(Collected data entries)
*** Begin section ***

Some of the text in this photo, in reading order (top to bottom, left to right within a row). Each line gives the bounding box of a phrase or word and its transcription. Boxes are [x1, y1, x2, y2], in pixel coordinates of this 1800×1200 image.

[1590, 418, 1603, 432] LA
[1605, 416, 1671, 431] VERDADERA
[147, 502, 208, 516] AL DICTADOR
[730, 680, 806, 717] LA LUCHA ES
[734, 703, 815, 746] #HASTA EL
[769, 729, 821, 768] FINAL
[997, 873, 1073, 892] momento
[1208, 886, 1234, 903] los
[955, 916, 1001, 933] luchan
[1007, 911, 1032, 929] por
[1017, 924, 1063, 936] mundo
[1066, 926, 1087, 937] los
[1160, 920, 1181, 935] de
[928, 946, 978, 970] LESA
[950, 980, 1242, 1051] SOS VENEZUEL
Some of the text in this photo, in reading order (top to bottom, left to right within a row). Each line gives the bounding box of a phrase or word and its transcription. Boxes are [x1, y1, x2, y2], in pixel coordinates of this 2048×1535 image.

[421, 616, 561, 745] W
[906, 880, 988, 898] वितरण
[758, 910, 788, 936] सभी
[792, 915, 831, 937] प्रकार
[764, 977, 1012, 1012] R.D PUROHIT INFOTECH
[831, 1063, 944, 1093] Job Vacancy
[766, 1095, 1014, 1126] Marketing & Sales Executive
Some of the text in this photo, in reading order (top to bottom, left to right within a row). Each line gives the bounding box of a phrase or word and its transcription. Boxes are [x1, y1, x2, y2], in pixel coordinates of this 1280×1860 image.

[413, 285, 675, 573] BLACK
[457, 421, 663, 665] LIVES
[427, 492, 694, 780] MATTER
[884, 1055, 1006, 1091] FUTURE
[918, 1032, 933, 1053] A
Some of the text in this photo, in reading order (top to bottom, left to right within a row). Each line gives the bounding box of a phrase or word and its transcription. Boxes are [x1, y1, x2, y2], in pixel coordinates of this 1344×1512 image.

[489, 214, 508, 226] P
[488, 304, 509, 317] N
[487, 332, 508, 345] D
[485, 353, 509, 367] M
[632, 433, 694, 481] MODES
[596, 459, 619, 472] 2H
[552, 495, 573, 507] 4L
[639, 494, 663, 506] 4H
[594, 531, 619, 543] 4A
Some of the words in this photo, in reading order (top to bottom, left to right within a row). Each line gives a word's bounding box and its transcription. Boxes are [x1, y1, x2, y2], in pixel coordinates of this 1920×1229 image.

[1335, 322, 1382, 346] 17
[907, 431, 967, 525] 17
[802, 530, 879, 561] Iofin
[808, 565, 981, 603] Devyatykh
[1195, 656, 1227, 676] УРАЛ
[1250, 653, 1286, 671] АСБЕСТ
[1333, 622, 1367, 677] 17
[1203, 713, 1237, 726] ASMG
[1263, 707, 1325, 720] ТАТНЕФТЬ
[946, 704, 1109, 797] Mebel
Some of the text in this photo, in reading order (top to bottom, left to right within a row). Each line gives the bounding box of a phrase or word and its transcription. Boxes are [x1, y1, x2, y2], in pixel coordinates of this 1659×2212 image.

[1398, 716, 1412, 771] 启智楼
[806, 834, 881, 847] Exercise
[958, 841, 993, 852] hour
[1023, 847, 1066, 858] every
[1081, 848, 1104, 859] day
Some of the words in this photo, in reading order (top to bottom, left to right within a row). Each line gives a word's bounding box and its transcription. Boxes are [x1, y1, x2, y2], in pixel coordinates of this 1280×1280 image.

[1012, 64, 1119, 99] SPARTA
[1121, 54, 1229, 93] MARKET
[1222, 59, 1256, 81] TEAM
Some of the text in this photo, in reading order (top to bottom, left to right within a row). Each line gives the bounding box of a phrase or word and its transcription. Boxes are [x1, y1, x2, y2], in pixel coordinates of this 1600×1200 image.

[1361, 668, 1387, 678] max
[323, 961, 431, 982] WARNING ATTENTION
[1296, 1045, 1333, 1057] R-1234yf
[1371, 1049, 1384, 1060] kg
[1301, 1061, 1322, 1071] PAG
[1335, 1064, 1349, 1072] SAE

*** End section ***

From beginning to end, the data must be duplicated exactly.

Some of the text in this photo, in reading order (top to bottom, left to right within a row). Each line gives the bounding box of a phrase or word and its transcription. Boxes are [x1, y1, x2, y2], in pixel coordinates of this 1800×1200 image.

[1590, 418, 1603, 432] LA
[1605, 416, 1671, 431] VERDADERA
[147, 502, 208, 516] AL DICTADOR
[730, 680, 806, 717] LA LUCHA ES
[734, 703, 815, 746] #HASTA EL
[769, 729, 821, 768] FINAL
[997, 873, 1073, 892] momento
[1208, 886, 1234, 903] los
[955, 916, 1001, 933] luchan
[1007, 911, 1032, 929] por
[1017, 924, 1063, 936] mundo
[1066, 926, 1087, 937] los
[1160, 920, 1181, 935] de
[928, 946, 978, 970] LESA
[950, 980, 1242, 1051] SOS VENEZUEL
Some of the text in this photo, in reading order (top to bottom, left to right within a row). Each line gives the bounding box of a phrase or word and its transcription. Boxes are [x1, y1, x2, y2], in pixel coordinates of this 2048×1535 image.

[421, 616, 561, 745] W
[906, 880, 988, 898] वितरण
[758, 910, 788, 936] सभी
[792, 915, 831, 937] प्रकार
[764, 977, 1012, 1012] R.D PUROHIT INFOTECH
[831, 1063, 944, 1093] Job Vacancy
[766, 1095, 1014, 1126] Marketing & Sales Executive
Some of the text in this photo, in reading order (top to bottom, left to right within a row). Each line gives the bounding box of a phrase or word and its transcription. Boxes are [x1, y1, x2, y2], in pixel coordinates of this 1280×1860 image.

[413, 285, 675, 573] BLACK
[457, 421, 663, 665] LIVES
[427, 492, 694, 780] MATTER
[884, 1055, 1006, 1091] FUTURE
[918, 1032, 933, 1053] A
Some of the text in this photo, in reading order (top to bottom, left to right within a row). Each line gives the bounding box of a phrase or word and its transcription. Boxes are [x1, y1, x2, y2], in pixel coordinates of this 1344×1512 image.

[489, 214, 508, 226] P
[488, 304, 509, 317] N
[487, 332, 508, 345] D
[485, 353, 509, 367] M
[632, 433, 694, 481] MODES
[596, 459, 619, 472] 2H
[552, 495, 573, 507] 4L
[639, 494, 663, 506] 4H
[594, 531, 619, 543] 4A
Some of the words in this photo, in reading order (top to bottom, left to right within a row). Each line gives a word's bounding box and its transcription. Boxes are [x1, y1, x2, y2], in pixel coordinates of this 1920×1229 image.

[1335, 322, 1382, 346] 17
[907, 431, 967, 525] 17
[802, 530, 879, 561] Iofin
[808, 565, 981, 603] Devyatykh
[1195, 656, 1227, 676] УРАЛ
[1250, 653, 1286, 671] АСБЕСТ
[1333, 622, 1367, 677] 17
[1203, 713, 1237, 726] ASMG
[1263, 707, 1325, 720] ТАТНЕФТЬ
[946, 704, 1109, 797] Mebel
Some of the text in this photo, in reading order (top to bottom, left to right within a row). Each line gives the bounding box of a phrase or word and its transcription. Boxes are [x1, y1, x2, y2], in pixel coordinates of this 1659×2212 image.

[1398, 716, 1412, 771] 启智楼
[806, 834, 881, 847] Exercise
[958, 841, 993, 852] hour
[1023, 847, 1066, 858] every
[1081, 848, 1104, 859] day
Some of the words in this photo, in reading order (top to bottom, left to right within a row). Each line gives a word's bounding box and its transcription. Boxes are [x1, y1, x2, y2], in pixel coordinates of this 1280×1280 image.

[1012, 64, 1119, 99] SPARTA
[1121, 54, 1229, 93] MARKET
[1222, 59, 1256, 81] TEAM
Some of the text in this photo, in reading order (top to bottom, left to right within a row). Each line gives the bounding box of a phrase or word and its transcription. Boxes are [x1, y1, x2, y2], in pixel coordinates of this 1600×1200 image.

[1361, 668, 1387, 678] max
[323, 961, 431, 982] WARNING ATTENTION
[1296, 1045, 1333, 1057] R-1234yf
[1371, 1049, 1384, 1060] kg
[1301, 1061, 1322, 1071] PAG
[1335, 1064, 1349, 1072] SAE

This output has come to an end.